# internet speed



## keyser (Mar 3, 2011)

hi all, could you let me know the best internet provider and what is the highest connection speed you can get
thank you


----------



## Stravinsky (Aug 12, 2007)

keyser said:


> hi all, could you let me know the best internet provider and what is the highest connection speed you can get
> thank you


That would very much depend on where you were going to live. Here in Valencia region I get less than 1 mb. Down the road they get 3Mb. I hear of people who have 6. 
Most everything uses Telefonica lines. There are plenty of secondary suppliers around, but they wont be able to give you any more than the Telefonica system for that area permits

I regularly get people telling me they can give me 3 or 6 mb, but I know its not possible

Your originally from UK, showing expat in Spain but your location is Dubai?


----------



## keyser (Mar 3, 2011)

hi stravinsky
where we are going to live is the million dollar question!!! ive narrowed it down to south and costal ( love the warm weather). we are living in Dubai right now but because of my husbands future job i will be lucky enough to be able to live anywhere so im looking to move closer to the U.K to be near the family.


----------



## keyser (Mar 3, 2011)

thats a really slow connection!!!...oh well, i suppose it means i'll spend less time glued to my lap top lol


----------



## xicoalc (Apr 20, 2010)

keyser said:


> thats a really slow connection!!!...oh well, i suppose it means i'll spend less time glued to my lap top lol


The speeds to depend on so many thanks. Telefonica (the dreaded) offer up to 20mb through landlines but this depends on where you are in relation to the new upgraded exchanges. Some ISP´s offer faster.

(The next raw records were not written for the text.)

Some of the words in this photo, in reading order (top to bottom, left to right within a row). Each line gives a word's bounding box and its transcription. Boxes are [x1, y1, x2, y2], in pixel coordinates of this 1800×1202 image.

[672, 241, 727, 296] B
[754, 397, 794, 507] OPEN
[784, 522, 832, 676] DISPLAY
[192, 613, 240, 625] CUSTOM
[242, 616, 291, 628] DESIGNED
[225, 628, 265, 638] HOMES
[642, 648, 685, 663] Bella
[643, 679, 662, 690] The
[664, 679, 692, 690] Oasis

In my old house we had to use WIMAX because telefonica dont exist and we got about teh same as Starinsky but here (again with WIMAX but a diffrent supplier) we get 5mb down and 1.5 up, and they offer faster if youw ant, but for me 5mv is more than enough.

It is hit and miss... my friend has the most dodgy connection through her landline and yet 2 blocks away another friend has an amazing speed. Pick an area and then research your options... WIMAX (with a good firm like i now use) is a good option because doesnt rely on old delaperdated phone exchanges... but WIMAX tends to be mroe rural areas where landlines are not an option.


----------



## Alcalaina (Aug 6, 2010)

Stravinsky said:


> That would very much depend on where you were going to live. Here in Valencia region I get less than 1 mb. Down the road they get 3Mb. I hear of people who have 6.
> Most everything uses Telefonica lines. There are plenty of secondary suppliers around, but they wont be able to give you any more than the Telefonica system for that area permits
> 
> I regularly get people telling me they can give me 3 or 6 mb, but I know its not possible


I think the service provider DOES make a difference even though they all use the Telefonica network. We used to get an average download speed of 3 Mbs when we were with Telefonica (we were paying for 10); then we switched to Jazztel and the average is 6 Mbs (we are paying for 7). 

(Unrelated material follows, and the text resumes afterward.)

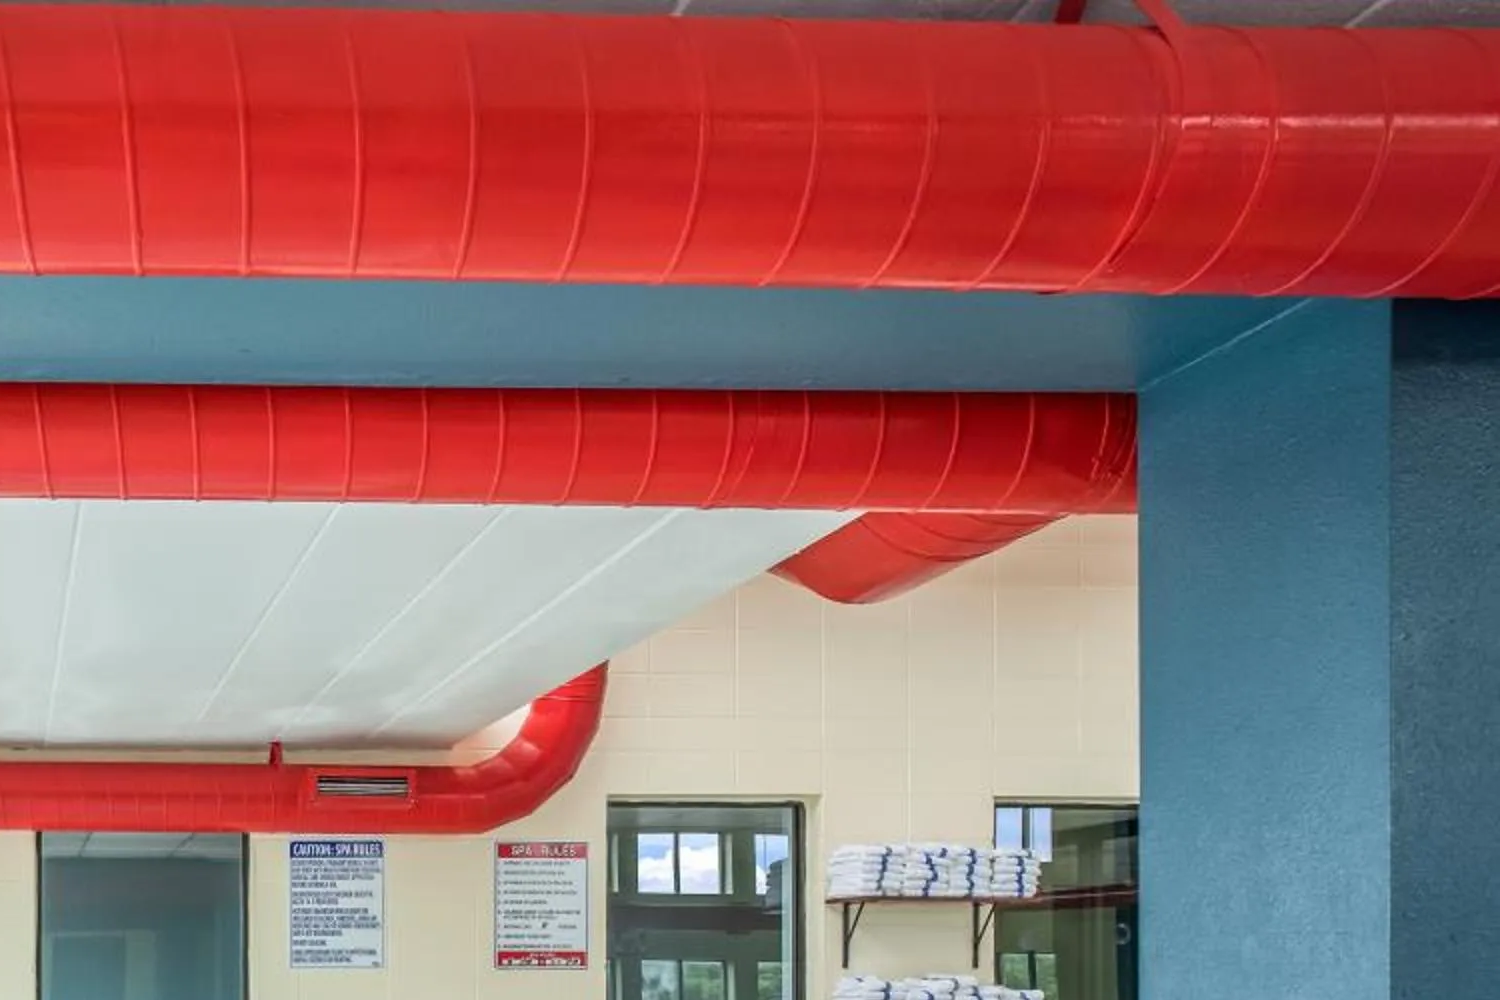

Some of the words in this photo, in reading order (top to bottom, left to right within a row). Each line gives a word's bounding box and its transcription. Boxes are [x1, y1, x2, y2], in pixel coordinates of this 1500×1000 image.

We are in a country town surrounded by mountains, 50 km from any major centres of population.


----------



## xicoalc (Apr 20, 2010)

Alcalaina said:


> I think the service provider DOES make a difference even though they all use the Telefonica network. We used to get an average download speed of 3 Mbs when we were with Telefonica (we were paying for 10); then we switched to Jazztel and the average is 6 Mbs (we are paying for 7).
> 
> We are in a country town surrounded by mountains, 50 km from any major centres of population.


From what I know of the UK internet system (and I presume Spain works to a similar system), ISP´s buy bandwidth from the wholesalers who in the UK are BT and in Spain Telefonica. This means that they get certain speeds and amounts of data. Therefore they can control what their customers get. This is why often with alternative providers you get a better speed, or more realistic to what they say than with telefonica (who frankly dont really give a monkeys anyway). Obviously there are many "cheapy" providers who buy in bulk and sell cheap and sometimes their service can be very poor indeed, so i say always best to ask for recomendations.

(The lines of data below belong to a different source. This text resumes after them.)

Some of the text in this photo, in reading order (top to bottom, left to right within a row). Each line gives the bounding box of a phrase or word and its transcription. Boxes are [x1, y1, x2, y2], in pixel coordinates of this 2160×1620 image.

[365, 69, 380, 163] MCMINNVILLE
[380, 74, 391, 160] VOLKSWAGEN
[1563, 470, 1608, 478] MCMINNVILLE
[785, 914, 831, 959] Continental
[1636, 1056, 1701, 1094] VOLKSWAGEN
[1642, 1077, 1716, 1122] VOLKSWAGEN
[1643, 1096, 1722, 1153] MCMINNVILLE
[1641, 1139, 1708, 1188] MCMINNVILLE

I pay for 5mb down and 1.5 up and pretty much alwyas get 4.91 down and 1.45 up which is near as dam it what I pay for. Also, depending on what you use internet for you should be looking at other factors not just speed. 

For example, i use the internet for voice calls which requires a number of other factors. I use a business telephone system through a very godo supplier but many use things like skype for voice. For voice you only need a tiny upload and download speed but need other things that are worth considering:

Try Speedtest.net - The Global Broadband Speed Test to get a good idea of your speed and Pingtest.net - The Global Broadband Quality Test to test other things...

Packet Loss. When you browse the net millions of pieces of data go back and forth (packets). Sometimes packets get lost in cyberspace but for browsing the web it doesnt matter because your system will just request them again and in miliseconds they come through, but for voice, video, gaming and other real time applications packet loss is a real problem because when you talk, it only happens once. Test your packet loss with ping test.. it sends out 250 pieces of data and counts how many return

Ping: This is how long each amount of data takes to return back.. again for voice very important to be a small number.

Jitter: This is the varience in pings, the "jitter" in yoru connection shoudl be low to keep voice quality good.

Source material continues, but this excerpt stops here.